Now, there is so much we could say about this, but I want to focus on just one thing. Dawkins’s comment may sound noble and profound … but within his own worldview there’s no real reason why believing the truth about the universe would have any real value. If Dawkins is right about the universe … if we are just material beings that came about through time and chance, the product of chemical reactions and electrical impulses that happen to spawn consciousness as an evolutionary side-effect … if we are merely physical beings who will cease to exist when we die … if Dawkins is right about that … then of all the things we could do with our time, why should we bother with truth? Why should any of us care about truth – whether the ultimate truths of the universe, or the basic truths of our existence, or, for that matter, even truths about other people? Who cares?

If Dawkins were correct, then truth would not have any inherent value. All that would matter is whatever makes life more livable for us – whatever we prefer and whatever seems useful. Dawkins may make profound-sounding statements about how it’s noble to face up to the truth about the objective meaninglessness of life … but even that is just a statement of his own preferences. He prefers to do that. But if other people feel different – if other people prefer to believe nonsense about the world and to share that nonsense with others, if that is what helps them cope with the futility of existence … then what argument could Dawkins really make against that?

In other words, Richard Dawkins cares deeply about truth … but in his own worldview, there doesn’t seem to be a solid case to make about why truth matters in any of our lives: in what we say, in what we affirm, or in what we personally believe.[1]

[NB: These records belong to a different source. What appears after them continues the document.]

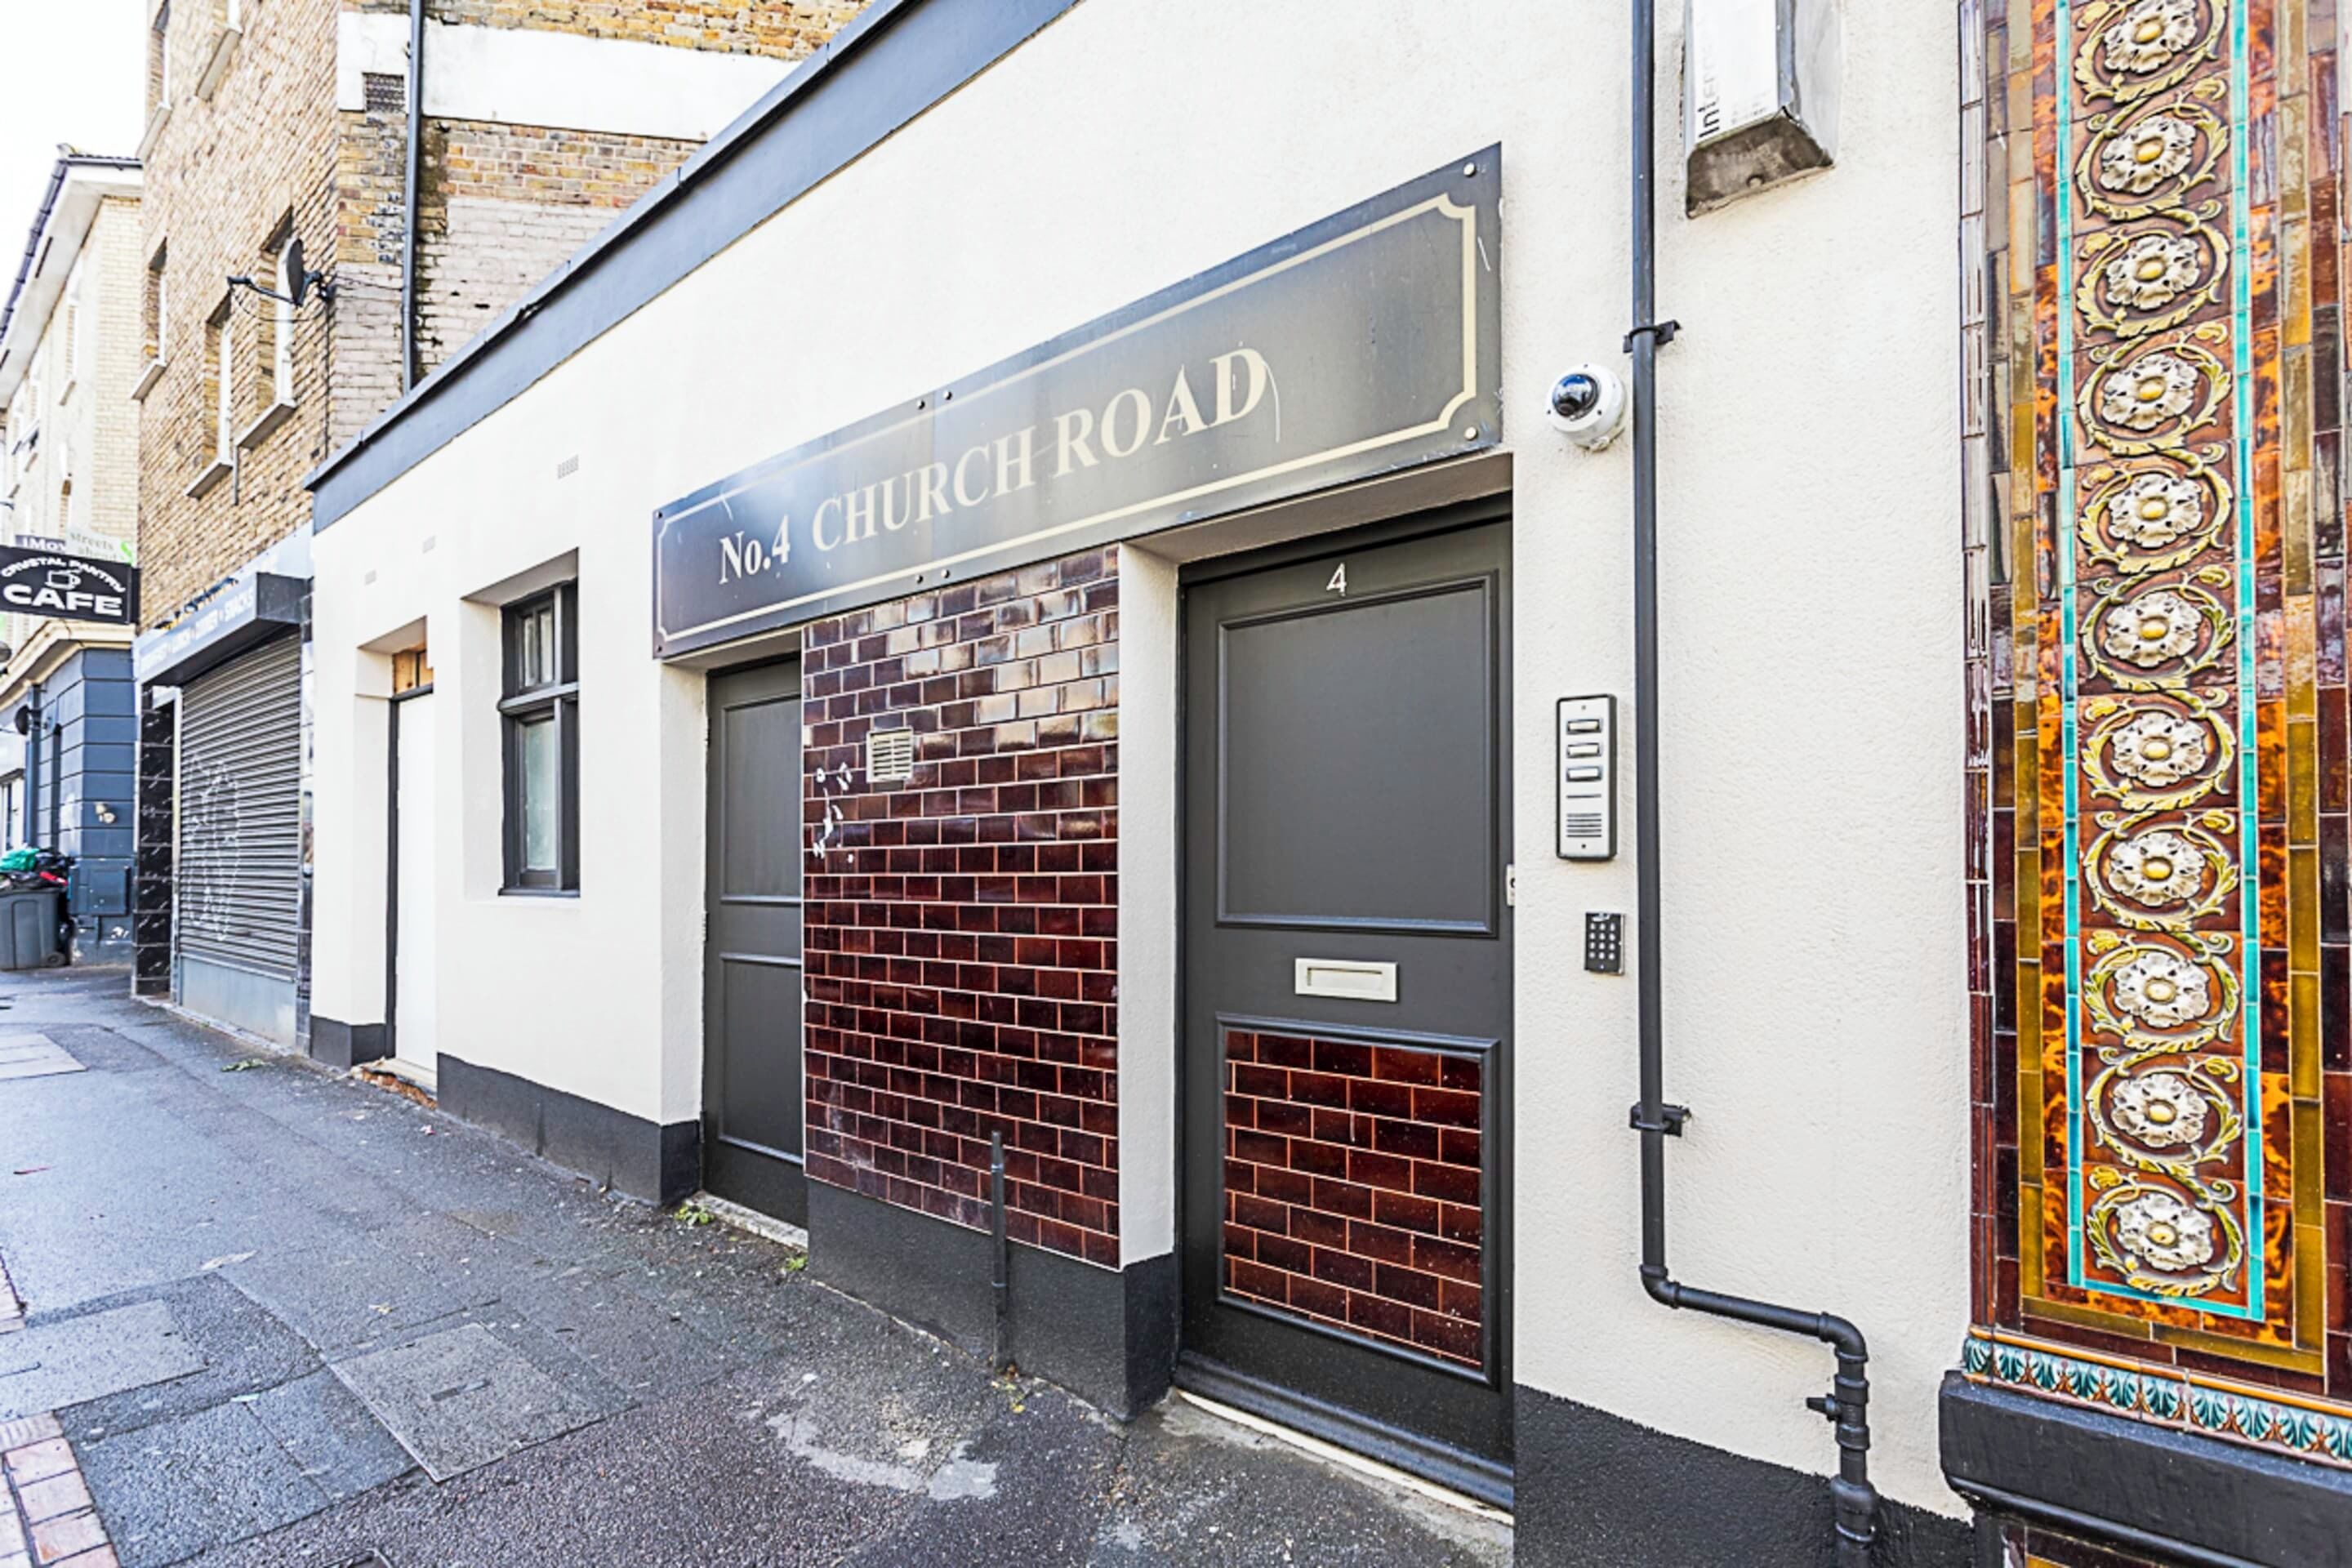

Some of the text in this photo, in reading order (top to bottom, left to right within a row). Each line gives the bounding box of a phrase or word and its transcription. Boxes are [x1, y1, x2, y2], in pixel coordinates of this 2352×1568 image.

[719, 349, 1267, 584] No.4 CHURCH ROAD
[70, 532, 114, 550] streets
[1, 557, 126, 592] CRYSTAL PANTRY
[1326, 563, 1347, 596] 4
[3, 584, 122, 616] CAFE
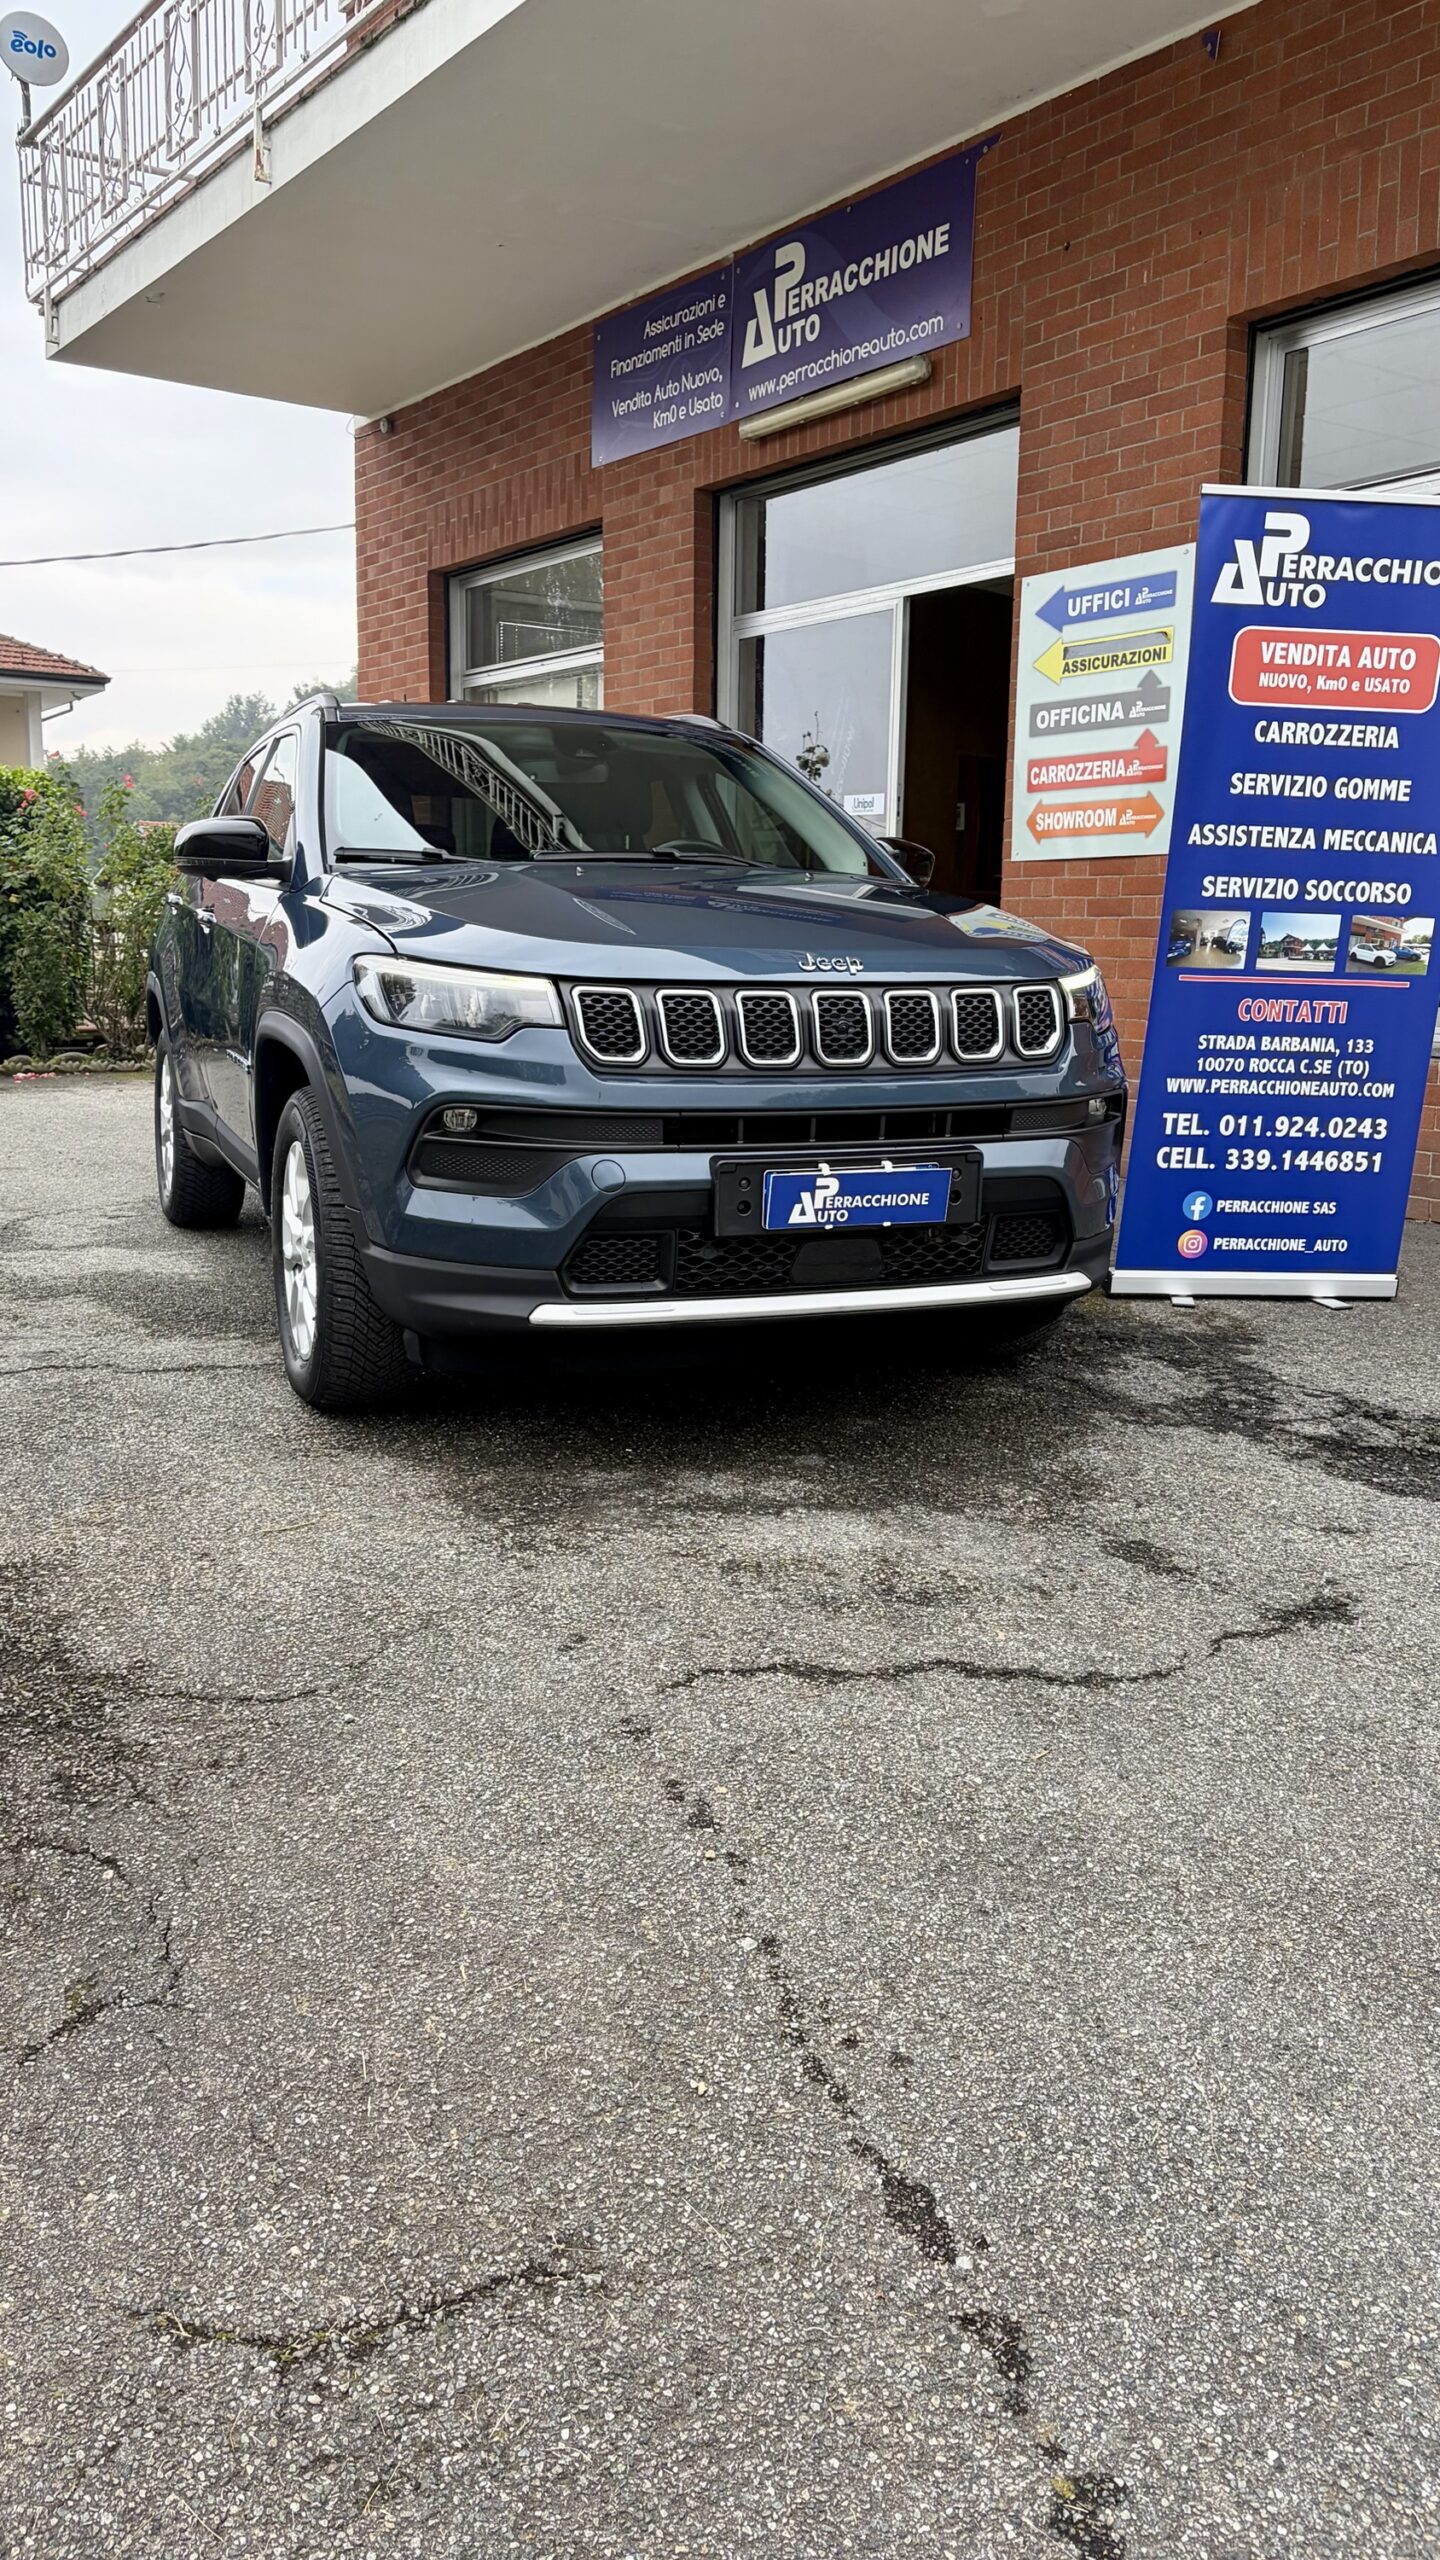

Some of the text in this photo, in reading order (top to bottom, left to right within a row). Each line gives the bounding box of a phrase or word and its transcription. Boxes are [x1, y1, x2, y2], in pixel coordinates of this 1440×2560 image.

But Dawkins is not alone in being stuck in that contradiction.

We see this in all sorts of values that dominate our culture.

For some people, life is not cold and meaningless as it is for Dawkins, but rather life has meaning in self-expression. We each find meaning as we live out our true selves, as we understand ourselves in our hearts.

But here again, from this framework of expressive individualism, we come into contradictions. On the one hand, such a view of meaning undermines any sense of shared or objective truth. We each may find something different in our hearts, and what I find in my heart might be incompatible with what you find in your heart. There is no outside objective arbitrator between our personal truths in a view that roots meaning in individual expression.

And yet few find that livable. Most people have a deep sense that the truth they find in themselves and then try to live out needs not only to be allowed by the world they live in, but affirmed by the world they live in. At the end of the day, we don’t want it just to be our truth, but we want others to tell us that it is true truth – that it is objective truth … even when our worldview has no such categories.

For others life is not meaningless or about personal expression, but it is about achievement and competition: competition for power or for money or for prestige or for other valued things. Sometimes that competition is individualistic: a war of all against all. Other times it is tribal: we identify with a specific demographic or subculture, and then our demographic competes with other demographics. But within such a view of the world, what’s useful is what matters most, not what’s true. Whatever claims or beliefs or actions can help us win are what is valuable, and any truth that doesn’t help us in that competition is a liability that should be jettisoned. And yet that, once again, becomes unlivable. After all, competition and achievement are nothing without an objective arbitrator. And those who live this way, though their view of the world tells them to bend or jettison the truth in order to get ahead, will simultaneously feel a profound need for an objectively truthful reckoning of their success. Their view of the world devalues the truth even as it depends on it.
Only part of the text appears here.